WHAT THIS TASK INVOLVES>
Reprint the listing. Every line must match the original exactly.

*** MATERIAL FOR THIS EXERCISE Section Begins ***

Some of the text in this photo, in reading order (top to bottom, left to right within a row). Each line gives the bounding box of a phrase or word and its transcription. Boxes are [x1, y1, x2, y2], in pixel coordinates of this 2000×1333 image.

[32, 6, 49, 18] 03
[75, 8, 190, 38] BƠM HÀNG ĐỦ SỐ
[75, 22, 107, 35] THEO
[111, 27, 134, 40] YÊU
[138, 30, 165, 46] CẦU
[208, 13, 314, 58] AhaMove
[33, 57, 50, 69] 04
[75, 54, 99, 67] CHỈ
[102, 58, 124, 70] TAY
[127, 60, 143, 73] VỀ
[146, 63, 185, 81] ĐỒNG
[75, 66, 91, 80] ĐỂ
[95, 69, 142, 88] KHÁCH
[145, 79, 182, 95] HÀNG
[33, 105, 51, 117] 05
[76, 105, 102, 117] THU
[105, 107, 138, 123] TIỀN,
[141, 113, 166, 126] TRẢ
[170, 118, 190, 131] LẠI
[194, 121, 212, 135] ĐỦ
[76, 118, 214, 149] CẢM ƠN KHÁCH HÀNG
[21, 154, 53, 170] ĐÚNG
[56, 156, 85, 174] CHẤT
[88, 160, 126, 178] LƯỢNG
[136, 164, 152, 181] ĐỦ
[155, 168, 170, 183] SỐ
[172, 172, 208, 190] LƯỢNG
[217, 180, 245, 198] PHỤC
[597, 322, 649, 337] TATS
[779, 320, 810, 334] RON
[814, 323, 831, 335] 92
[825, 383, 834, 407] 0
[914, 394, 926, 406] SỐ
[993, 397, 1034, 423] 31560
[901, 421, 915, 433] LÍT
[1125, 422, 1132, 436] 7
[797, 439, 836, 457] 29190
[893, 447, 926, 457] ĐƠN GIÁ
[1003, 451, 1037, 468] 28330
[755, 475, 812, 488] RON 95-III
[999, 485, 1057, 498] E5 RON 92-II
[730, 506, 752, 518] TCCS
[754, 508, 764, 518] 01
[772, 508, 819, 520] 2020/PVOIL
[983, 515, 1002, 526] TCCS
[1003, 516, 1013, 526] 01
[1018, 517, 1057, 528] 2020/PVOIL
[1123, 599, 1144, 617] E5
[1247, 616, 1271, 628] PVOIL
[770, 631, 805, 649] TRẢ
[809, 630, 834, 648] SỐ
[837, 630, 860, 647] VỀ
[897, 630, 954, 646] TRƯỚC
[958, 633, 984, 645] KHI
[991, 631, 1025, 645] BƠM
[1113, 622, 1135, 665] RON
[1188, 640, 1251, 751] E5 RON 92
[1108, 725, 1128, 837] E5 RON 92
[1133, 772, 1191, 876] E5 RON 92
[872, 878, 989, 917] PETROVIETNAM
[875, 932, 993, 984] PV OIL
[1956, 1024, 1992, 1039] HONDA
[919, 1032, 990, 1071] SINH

*** MATERIAL FOR THIS EXERCISE Section Ends ***

ANSWER>
Some of the text in this photo, in reading order (top to bottom, left to right within a row). Each line gives the bounding box of a phrase or word and its transcription. Boxes are [x1, y1, x2, y2], in pixel coordinates of this 2000×1333 image.

[32, 6, 49, 18] 03
[75, 8, 190, 38] BƠM HÀNG ĐỦ SỐ
[75, 22, 107, 35] THEO
[111, 27, 134, 40] YÊU
[138, 30, 165, 46] CẦU
[208, 13, 314, 58] AhaMove
[33, 57, 50, 69] 04
[75, 54, 99, 67] CHỈ
[102, 58, 124, 70] TAY
[127, 60, 143, 73] VỀ
[146, 63, 185, 81] ĐỒNG
[75, 66, 91, 80] ĐỂ
[95, 69, 142, 88] KHÁCH
[145, 79, 182, 95] HÀNG
[33, 105, 51, 117] 05
[76, 105, 102, 117] THU
[105, 107, 138, 123] TIỀN,
[141, 113, 166, 126] TRẢ
[170, 118, 190, 131] LẠI
[194, 121, 212, 135] ĐỦ
[76, 118, 214, 149] CẢM ƠN KHÁCH HÀNG
[21, 154, 53, 170] ĐÚNG
[56, 156, 85, 174] CHẤT
[88, 160, 126, 178] LƯỢNG
[136, 164, 152, 181] ĐỦ
[155, 168, 170, 183] SỐ
[172, 172, 208, 190] LƯỢNG
[217, 180, 245, 198] PHỤC
[597, 322, 649, 337] TATS
[779, 320, 810, 334] RON
[814, 323, 831, 335] 92
[825, 383, 834, 407] 0
[914, 394, 926, 406] SỐ
[993, 397, 1034, 423] 31560
[901, 421, 915, 433] LÍT
[1125, 422, 1132, 436] 7
[797, 439, 836, 457] 29190
[893, 447, 926, 457] ĐƠN GIÁ
[1003, 451, 1037, 468] 28330
[755, 475, 812, 488] RON 95-III
[999, 485, 1057, 498] E5 RON 92-II
[730, 506, 752, 518] TCCS
[754, 508, 764, 518] 01
[772, 508, 819, 520] 2020/PVOIL
[983, 515, 1002, 526] TCCS
[1003, 516, 1013, 526] 01
[1018, 517, 1057, 528] 2020/PVOIL
[1123, 599, 1144, 617] E5
[1247, 616, 1271, 628] PVOIL
[770, 631, 805, 649] TRẢ
[809, 630, 834, 648] SỐ
[837, 630, 860, 647] VỀ
[897, 630, 954, 646] TRƯỚC
[958, 633, 984, 645] KHI
[991, 631, 1025, 645] BƠM
[1113, 622, 1135, 665] RON
[1188, 640, 1251, 751] E5 RON 92
[1108, 725, 1128, 837] E5 RON 92
[1133, 772, 1191, 876] E5 RON 92
[872, 878, 989, 917] PETROVIETNAM
[875, 932, 993, 984] PV OIL
[1956, 1024, 1992, 1039] HONDA
[919, 1032, 990, 1071] SINH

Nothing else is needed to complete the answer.